Sebbene chiamarle in italiano “Perle Seme ” sarebbe più che corretto, subito però parte del loro fascino sfumerebbe nel nulla. Ma cosa sono queste minuscole perline dal diametro solitamente inferiore ai 2 millimetri? La loro origine è piuttosto particolare. Non si tratta di perle coltivate in senso stretto, anzi neppure in senso largo. Sono infatti perle del tutto naturali, senza alcun nucleo interno se non infinitesimale, cresciute a fotocopia delle sorelle maggiori che si possono fortunosamente trovare nel mare in determinati tipi di ostriche. Ostriche che i pescatori di perle, appunto, andavano una volta a raccogliere una ad una immergendosi in apnea sino a profondità proibitive. Diciamo che sono però perle domestiche in quanto la loro presenza si concentra, pur casualmente, nelle aree attrezzate dall’uomo alla coltivazione di perle sia a mare che in acqua dolce. Nel nostro caso per la loro maggior disponibilità si tratta di quest’ultime.

Parliamo dei grandi allevamenti di perle d’acqua dolce locati essenzialmente presso i numerosi laghi e grandi stagni a ovest di Shanghai in Cina. L’attività di coltivazione delle perle, della quale do per scontata la sommaria conoscenza, prevede una certa movimentazione ciclica e alternata delle ostriche, qui sostituite da grosse cozze perlifere, con conseguente perenne pulviscolo in sospensione nelle acque d’allevamento. Questo pulviscolo è filtrato inevitabilmente dalle stesse cozze che, sempre a loro difesa, generano poi queste perline. Così all’apertura finale, dopo il ciclo di coltivazione stabilito, ecco che le cozze oltre alle perle frutto della coltivazione vera e propria possono presentare, come sovrappiù, anche numerose minuscole “seed pearls” pronte per essere selezionate e indirizzate al loro proprio mercato.

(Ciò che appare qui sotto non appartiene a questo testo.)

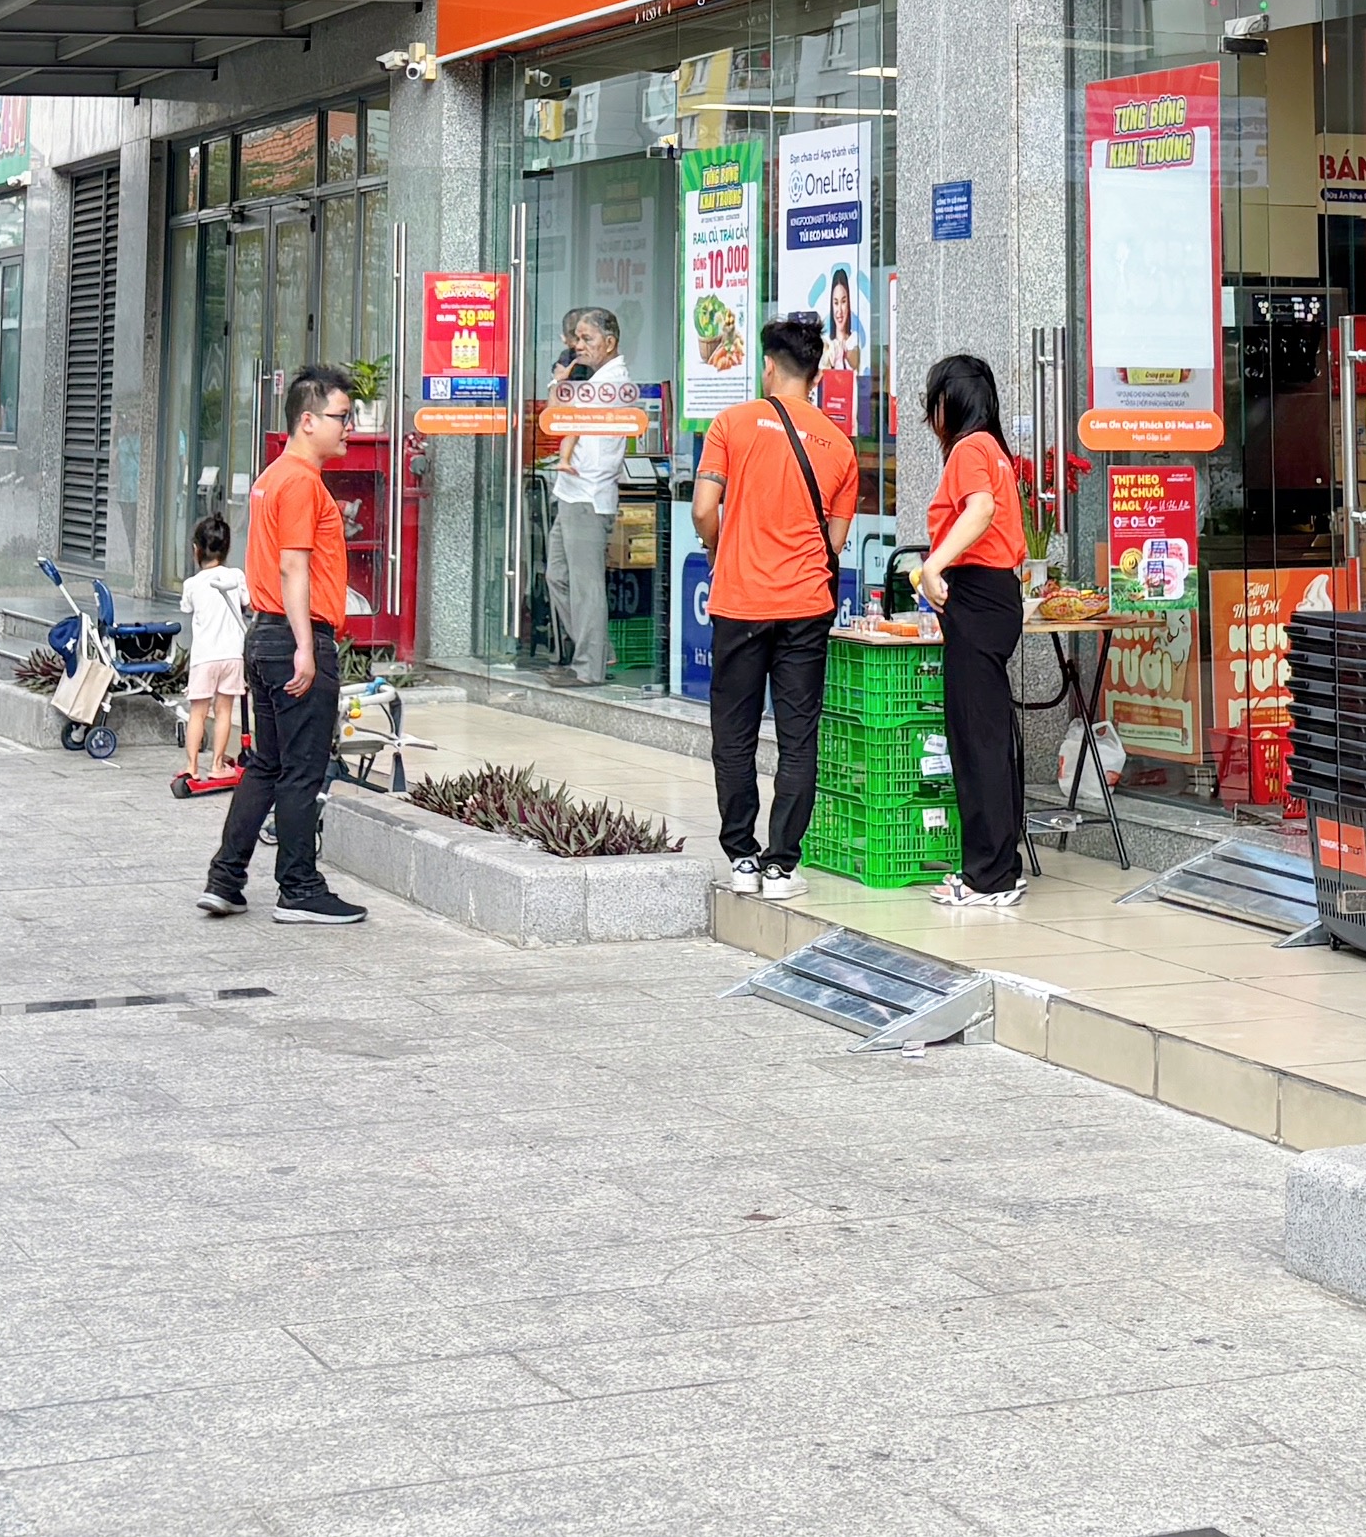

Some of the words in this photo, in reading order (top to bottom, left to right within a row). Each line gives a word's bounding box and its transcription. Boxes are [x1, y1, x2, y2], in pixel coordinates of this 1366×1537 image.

A differenza delle normali perle che possono assumere in maniera naturale, o perché volute dall’uomo, forme le più svariate (se introduco in un ostrica perlifera un piccolo dado da gioco quello che otterrò dopo un certo periodo di tempo sarà una perla che ricorderà quella forma), le nostre “seed pearls”, forse in virtù della loro mini statura, escono quasi sempre tondeggianti. Ma attenzione, quel “quasi sempre tondeggianti” non è poi un gran vantaggio. Volerle infatti perfettamente sferiche e magari anche solo bianche come il nostro lavoro ad esempio richiede, significa già uno scarto iniziale di quasi l’80 per cento. Non che il resto si butti, ovvio, ma viene di fatto destinato ad altri usi, da ultimo, macinate, anche quello cosmetico.

Recentemente poi il governo cinese (e so bene che quel che sto per dire non vi risulterà molto romantico) per fronteggiare il tanto lamentato inquinamento che la coltivazione di perle produce (si pensi alle enormi quantità di prodotti nutritivi e fertilizzanti o a quelli medicali indispensabili per difendere le coltivazioni da parassiti e malattie distruttive) ha posto serie limitazioni a questa attività riconosciuta come responsabile della crescente eutrofizzazione delle acque impegnate. Ha decretato in sintesi che lavorazioni così inquinanti siano indirizzate almeno a produzioni di maggior valore e che se ne riduca nel contempo la quantità contingentando di fatto le misure più piccole.

La prima conseguenza è che a fronte di un prezzo ancor oggi immutato per le grosse misure, incrementate anzi nelle dimensioni, c’è stato un repentino aumento di prezzo di tutte le misure più piccole che non poteva non coinvolgere anche le “seed pearls”. Ha procurato inoltre la sparizione quasi totale dal mercato di tutte quelle pseudo perle come le famigerate “chicco di riso” le cui mega produzioni tanto inquinamento hanno generato senza un ritorno adeguato, in termini economici, a ripagare quelle acque così martoriate.

Oggi che il prezzo di una singola “seed pearl” ha superato l’euro e che, a prescindere da questo, il mercato ne soffre la rarità, è proprio il caso di averne buona cura. Tutti gli accorgimenti atti a mantenerle integre non devono essere ignorati. Come tutte le perle odiano i profumi, esecrano gli spray, non sopportano le lacche, disprezzano i sudori forti, aborrono i detergenti, disdegnano gli ambienti eccessivamente umidi o eccessivamente secchi, detestano lavare i piatti e sono terrorizzate da fiamme, acidi e dall’alcool. Sono eccezionalmente coese e resistenti agli urti ma possono essere graffiate facilmente da oggetti appuntiti o affilati. Avversano stare a contatto con altri gioielli ma deperiscono se lasciate a lungo da sole chiuse da qualche parte. In altre parole, come piccoli e gelosi animali da compagnia, bramano stare vicine. Vogliono solo e da sole essere indossate.